FIG. 1 is longitudinal sectional view of a fuel injection valve for internal combustion engines

FIG. 2 is an enlargement of FIG. 1, in the detail marked II;

FIG. 3 the same detail as FIG. 2, for a further exemplary embodiment; and

FIGS. 4, 5, 6 and 7, are cross sectional views of a valve need of the type shown in FIG. 1 and taken along the line IV—IV of various exemplary embodiments.

DESCRIPTION OF THE PREFERRED EMBODIMENTS

In FIG. 1, a fuel supply system of the invention is shown as a fuel injection valve having a housing 1 including a valve body 2 and a valve holder body 4, which contact one another and are pressed against one another by a device not shown in the drawing. A bore 3 is embodied in the valve body 2 and is closed on its end toward the combustion chamber by an essentially conical valve seat 9. In the valve seat 9, at least one injection opening 11 is embodied, which connects the bore 3 with the combustion chamber of the engine. A pistonlike element in the form of a valve needle 5 is disposed in the bore 3; the valve needle 5 has a longitudinal axis 6 and is guided sealingly in a guide region 103 of the bore 3 by a guide portion 105. The valve needle 5 tapers toward the valve seat 9, forming a pressure shoulder 13, and on its end toward the combustion chamber, it changes over into an essentially conical valve sealing face 7, which cooperates with the valve seat 9. The cooperation here is such that when the valve sealing face 7 is in contact with the valve seat 9, the injection opening 11 is closed toward the bore 3, while when the valve sealing face 7 is lifted from the valve seat 9, the injection opening 11 is opened. As a result of a radial widening of the bore 3, a first fuel-filled chamber 19 is disposed at the level of the pressure shoulder 13; it is embodied as a pressure chamber in the valve body 2, and it continues in the form of an annular conduit, surrounding the valve needle 5, as far as the valve seat 9. The pressure chamber 19 can be filled with fuel at high pressure here via an inflow conduit 25 that extends within the valve body 2 and the valve holder body 4.

On the end remote from the combustion chamber, the bore 3 adjoins a second fuel-filled chamber 15, embodied in the valve holder body 4; in this exemplary embodiment, this chamber is embodied as a leak fuel chamber. The leak fuel chamber 15 communicates constantly with a leak fuel system, which is not shown in the drawing and which assures that the leak fuel chamber 15 is always pressure-relieved. At least intermittently, there is accordingly a great pressure difference between the first chamber 19, embodied as a pressure chamber, and the second chamber 15, embodied as a leak fuel chamber. Between the valve needle 5 and the wall of the bore 3, an annular gap 17 remains, through which a certain, severely throttled fuel flow takes place from the pressure chamber 19 into the leak fuel chamber 15. As a result, a fuel lubricating film forms in the annular gap 17, and the valve needle 5 slides on this film. In the pressure chamber 19, a fuel pressure of 150 MPa and more can be achieved, while in the leak fuel chamber 15, a pressure essentially equivalent to atmospheric pressure always prevails.

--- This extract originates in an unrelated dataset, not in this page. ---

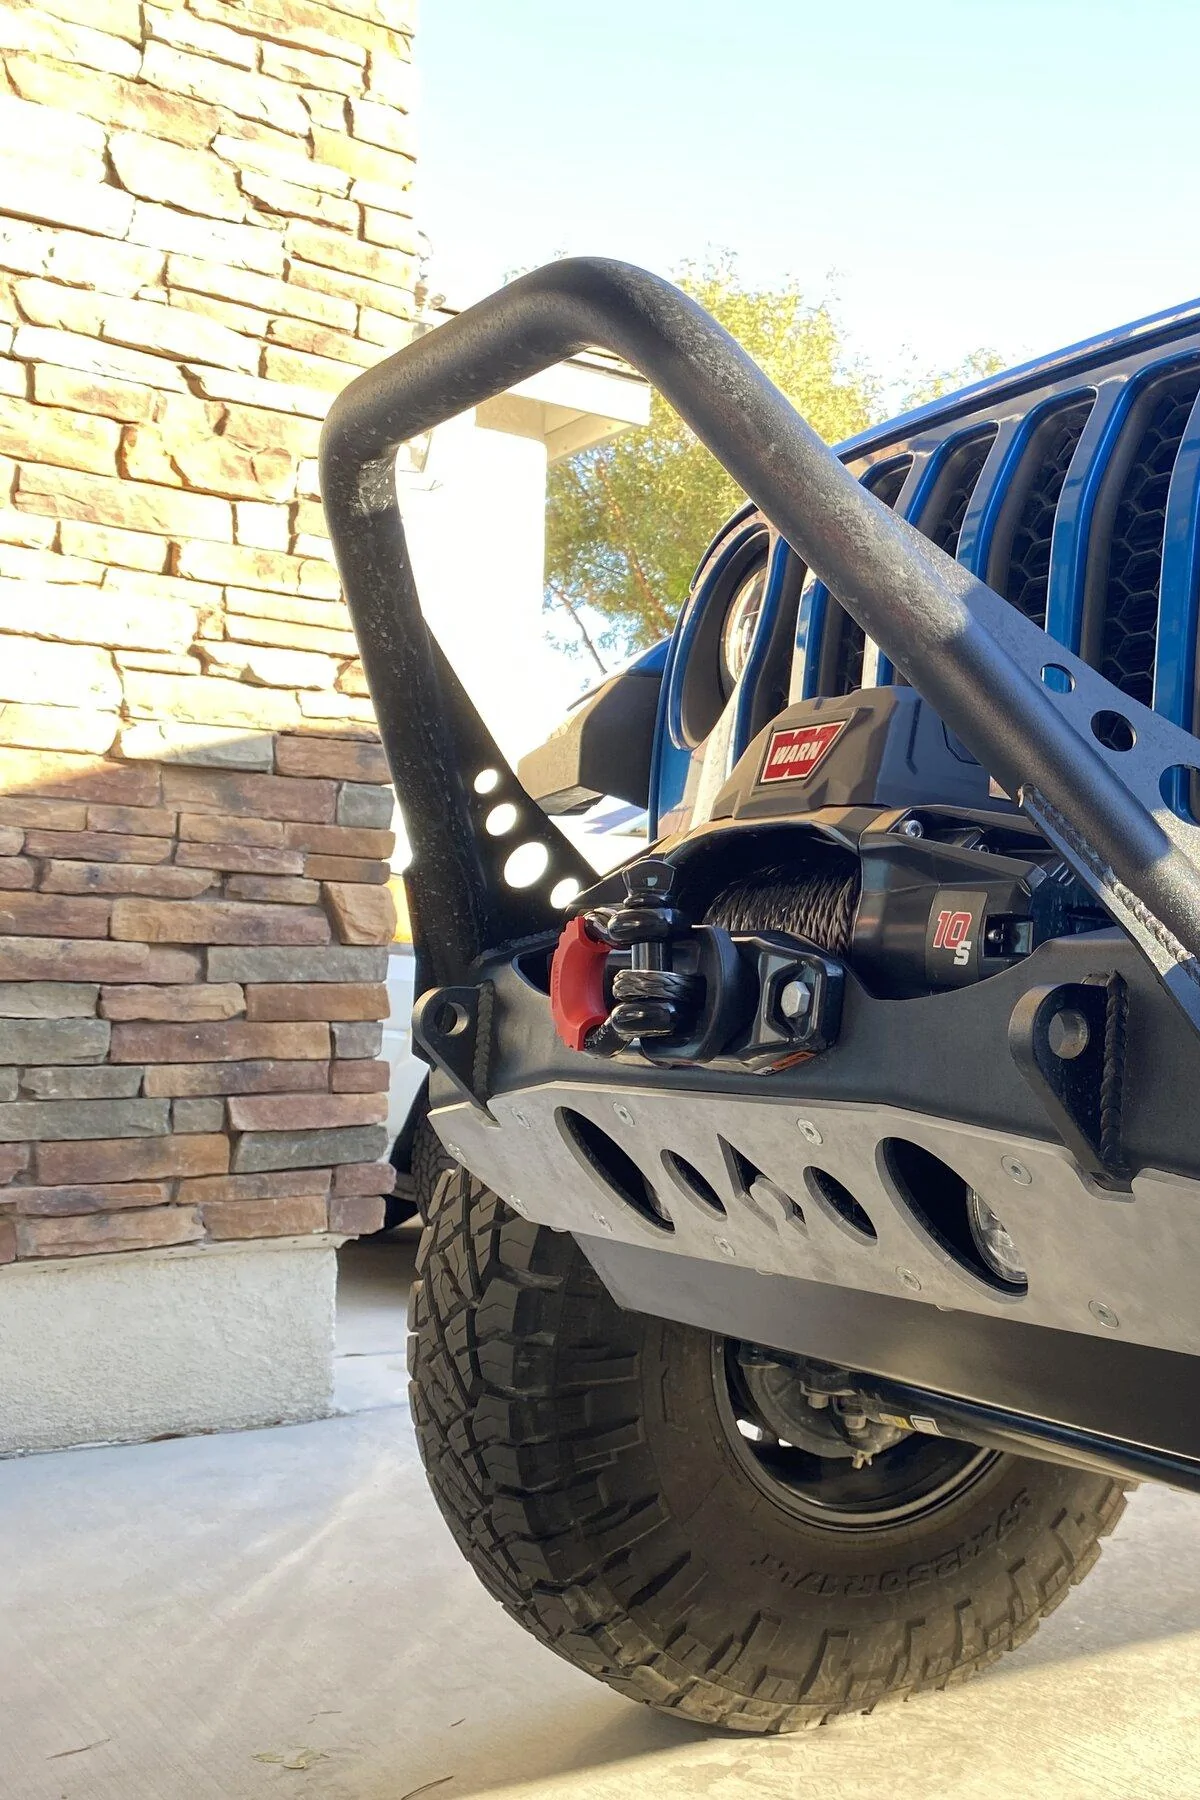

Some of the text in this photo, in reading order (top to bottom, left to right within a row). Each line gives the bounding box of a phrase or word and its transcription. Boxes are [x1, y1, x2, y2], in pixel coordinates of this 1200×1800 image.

[770, 740, 824, 766] WARN
[932, 910, 973, 950] 10
[953, 940, 972, 966] S
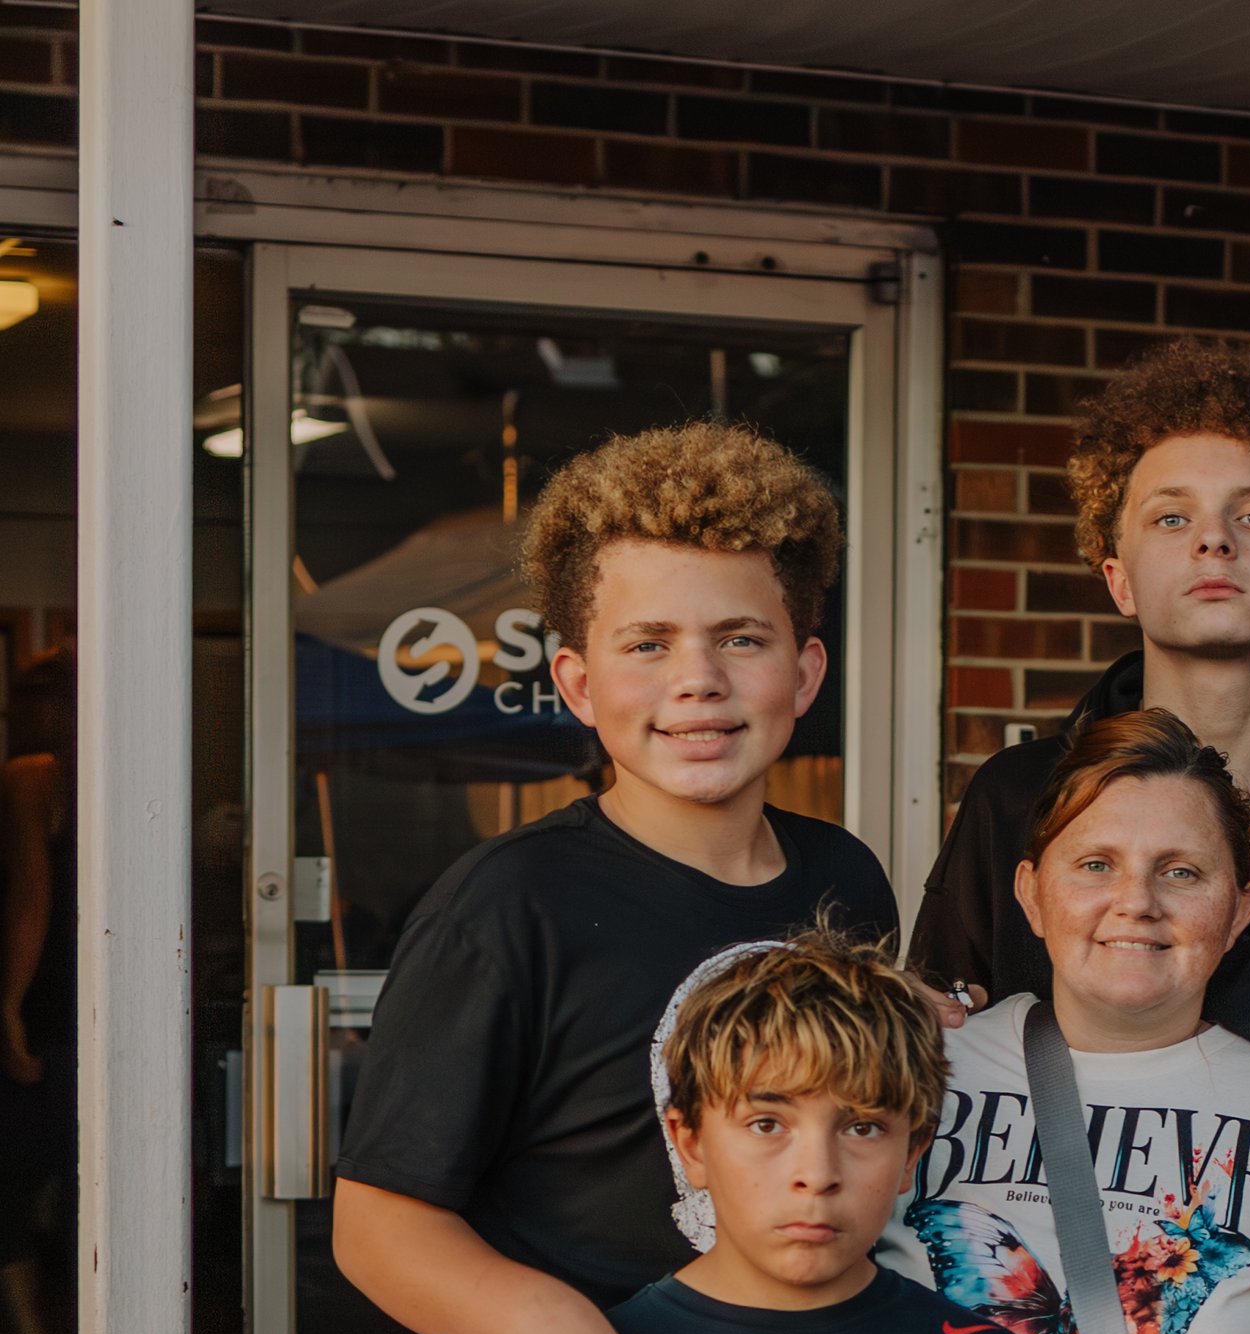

In the guide portion 105 of the valve needle 5, there are recesses 30, which in the form of annular grooves encompass the entire circumference of the valve needle 5. FIG. 2 shows an enlargement of the detail marked II in FIG. 1; in FIG. 2, both the valve body 2 and the valve needle 5, or its guide portion 105, are shown in section. As can be seen from FIG. 2, the recess 30 has a V-shaped cross section, which is formed by a first flank 38 and a second flank 40. The first flank 38 is shorter than the second flank 40, so that the first flank 38 forms a larger angle with the longitudinal axis 6 of the valve needle 5 than does the second flank 40. The first flank 38 and the second flank 40 meet at an apex line 34, at which the recess 30 has the greatest depth t. The apex line 34 can be embodied with a sharp edge or in rounded fashion.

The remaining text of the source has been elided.